= Vladimir Kemenov =

Soviet art historian and statesman

Vladimir Semyonovich Kemenov (Владимир Семёнович Кеменов; 2 June 1908 – 14 June 1988) was a Soviet art historian and statesman who was Director of the State Tretyakov Gallery, headed the VOKS for the USSR in the 1940s, was Deputy Minister of Culture in 1954-1956 and vice-president of the Academy of Arts in 1966-1988.

==Life and career ==

He was born in Yekaterinoslav (now Dnipro).

In 1938-1940 — Director of the State Tretyakov Gallery. Member of the All-Union Communist Party (bolsheviks) since 1939.

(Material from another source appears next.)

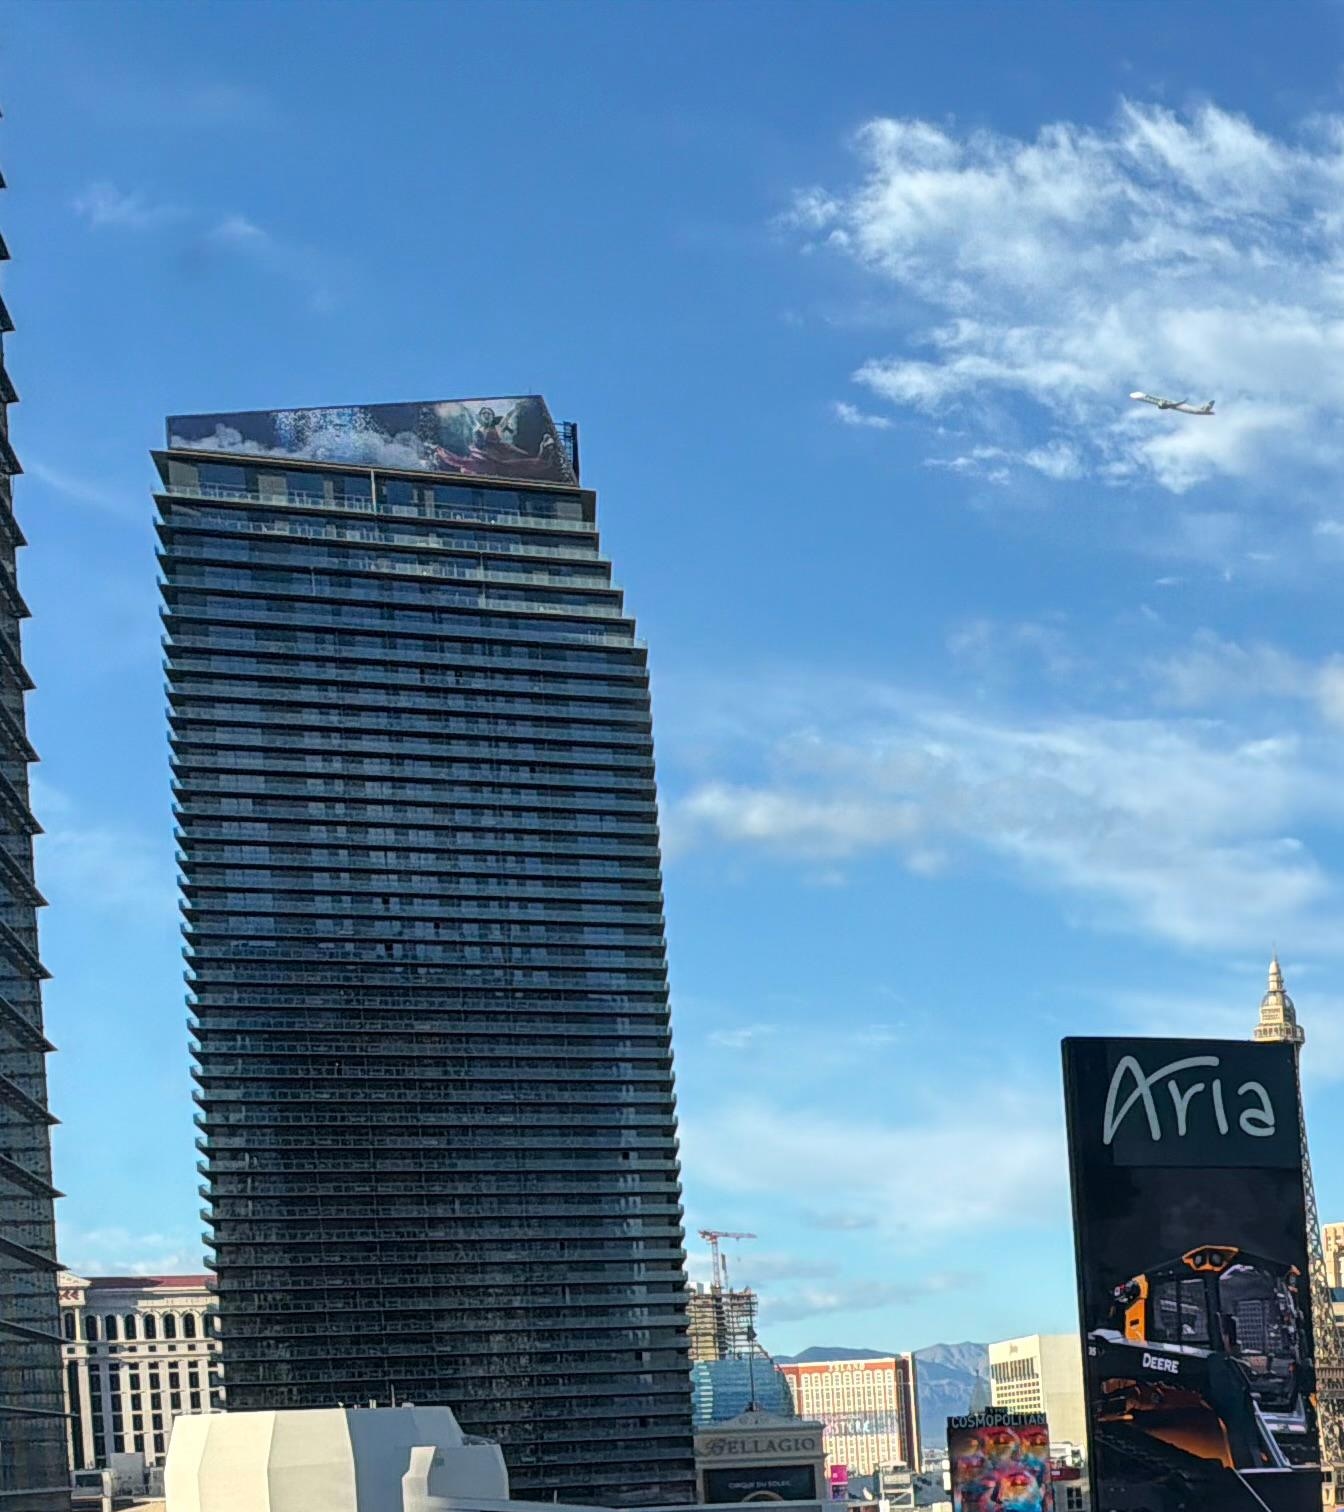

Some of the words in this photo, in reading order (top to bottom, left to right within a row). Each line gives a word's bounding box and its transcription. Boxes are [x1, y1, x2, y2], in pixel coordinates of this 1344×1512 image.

In 1940, he succeeded Viktor Smirnov as chairman of VOKS ("Vsesoiuznoe Obshchestvo Kul'turnoi Sviazi s zagranitsei" — Всесоюзное общество культурной связи с заграницей — All-Union Society for Cultural Relations with Foreign Countries), a propaganda organization created in 1925 and restructured in 1958. VOKS also often served as a convenient 'roof' for operations of both branches of Soviet intelligence, whose residents and operatives used opportunities provided by VOKS to establish and maintain contacts in intellectual, scientific and government circles. These contacts were, for the most part, unaware that they were dealing not with 'cultural representatives' and diplomats, but with intelligence officers. In 1944, Mihail Sadoveanu hosted official Soviet envoys Kemenov and Andrey Vyshinsky in Romania shortly before he became president of the ARLUS "Literary and Philosophical Section."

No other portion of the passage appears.